The Zbrojovka Z 18 is a car produced by Československá Zbrojovka in the 1920s. Derived from the more powerful of two Z 26 designs developed following the Disk, the Z 18 was first produced in 1925. The car was produced in a variety of body types, including a four seat open-top phaeton fitted with one, two and four doors, limousine and landaulet and a two-door roadster. It had a two-stroke two-cylinder 1004 cc engine which enabled the car to reach a speed of 80 kph. A total of 2,510 vehicles were produced before production ceased in 1930.

==Background==
After the failure of the Disk, Zbrojovka was determined that its next car design would be a success. The company had a new engineering team that included the talented František Mackrle and he designed two new designs, both named Z 26, with different engine sizes. The Board liked the more powerful version, but required the prototype to undergo rigorous testing, including driving over 9200 km across Europe, crossing the Dolomite and Alps and driving as far as Hamburg. The car passed the tests and entered production as the 4/18 or Z 18 in 1925.

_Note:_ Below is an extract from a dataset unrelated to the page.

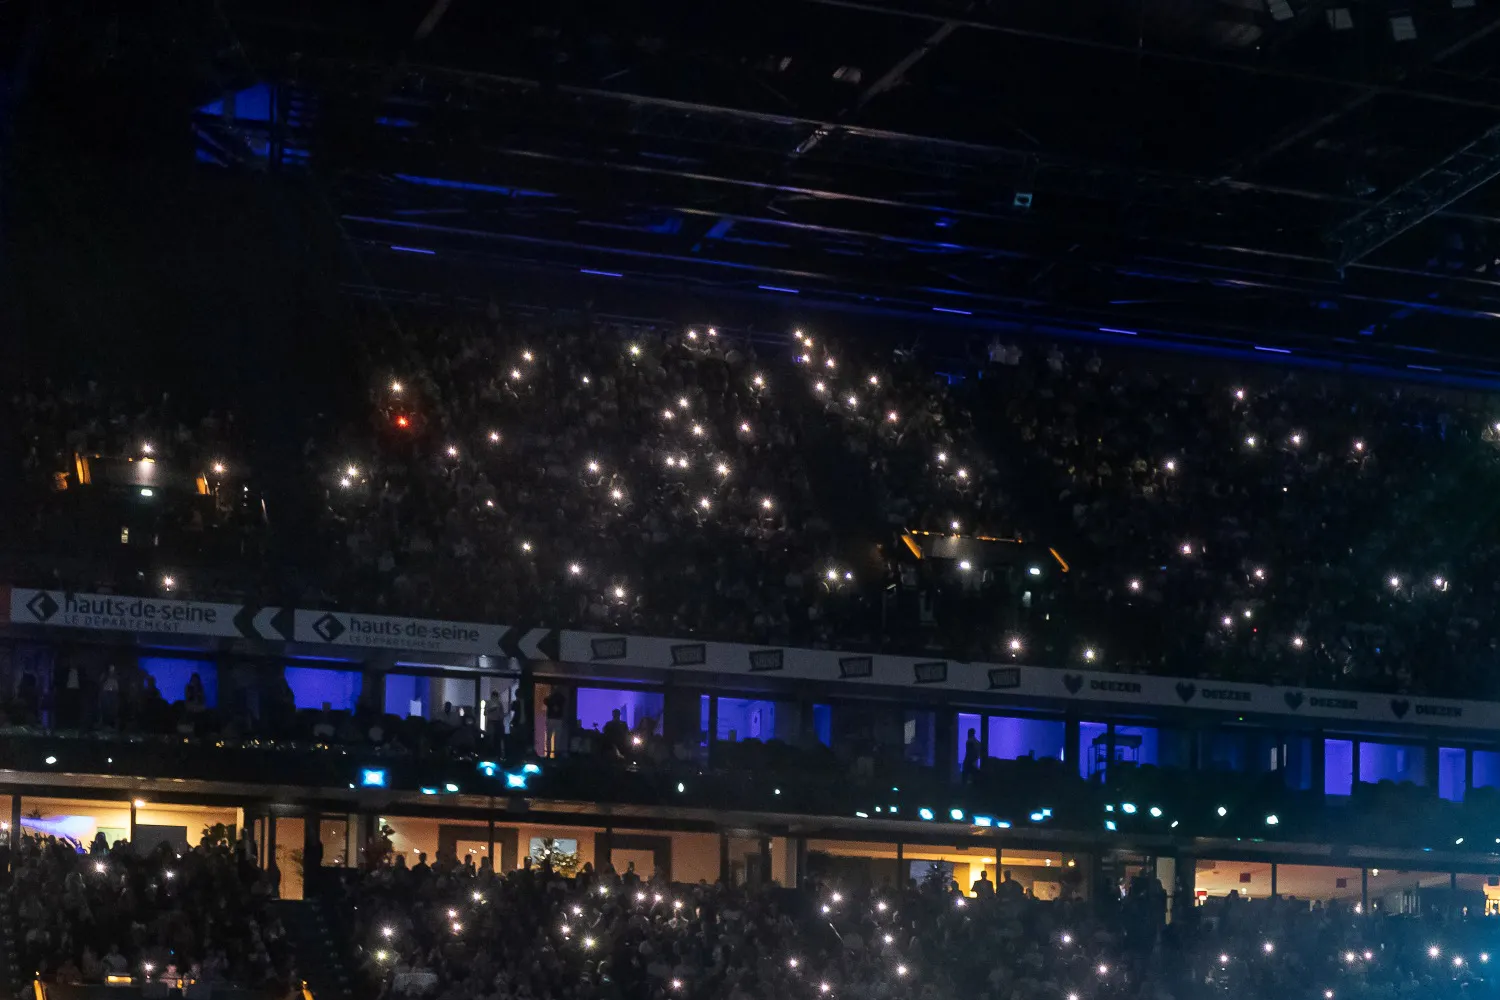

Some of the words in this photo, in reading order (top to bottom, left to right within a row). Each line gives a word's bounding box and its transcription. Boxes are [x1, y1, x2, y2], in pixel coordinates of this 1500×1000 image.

[1090, 680, 1142, 693] DEEZER
[1202, 688, 1252, 702] DEEZER
[1310, 696, 1358, 710] DEEZER

==Design and development==
The Z 18 had a rectangular frame with rigid axles. The water cooled, two-stroke two-cylinder engine drove the rear wheels through a three speed gearbox. It had a bore of 80 mm and stroke 100 mm, capacity of 1004 cc and a Zenith carburettor.
The standard car was fitted with 730 x 130 disc wheels, although more expensive versions had Rudge-Whitworth wire wheels. The basic body style was a four seat phaeton which cost 35,000 Kčs in 1926. It was open-top with a single door on the left, steering wheel on the right and a bench seat that was accessed by lowering the left front seat.

The range of body types available increased over the car's production life. In September 1926, a limousine version was launched at the Prague Motor Show at a price of 40,500 Kčs. This had a fixed roof with four side windows and more equipment, including an electric cigar lighter and coat hanger. A sports roadster was also available, priced at 45,000 Kčs. Gradually over time, two and four door phaetons, landaulets and other custom designs were added to the range. There was also a pickup truck capable of carrying a 500 kg payload.

The Z 18 could reach a top speed of 80 kph and had a typical fuel consumption of between 10 and 11 L/100km.

==Production==
2,510 vehicles, including 1,000 commercial vehicles, were sold between 1926 and 1930.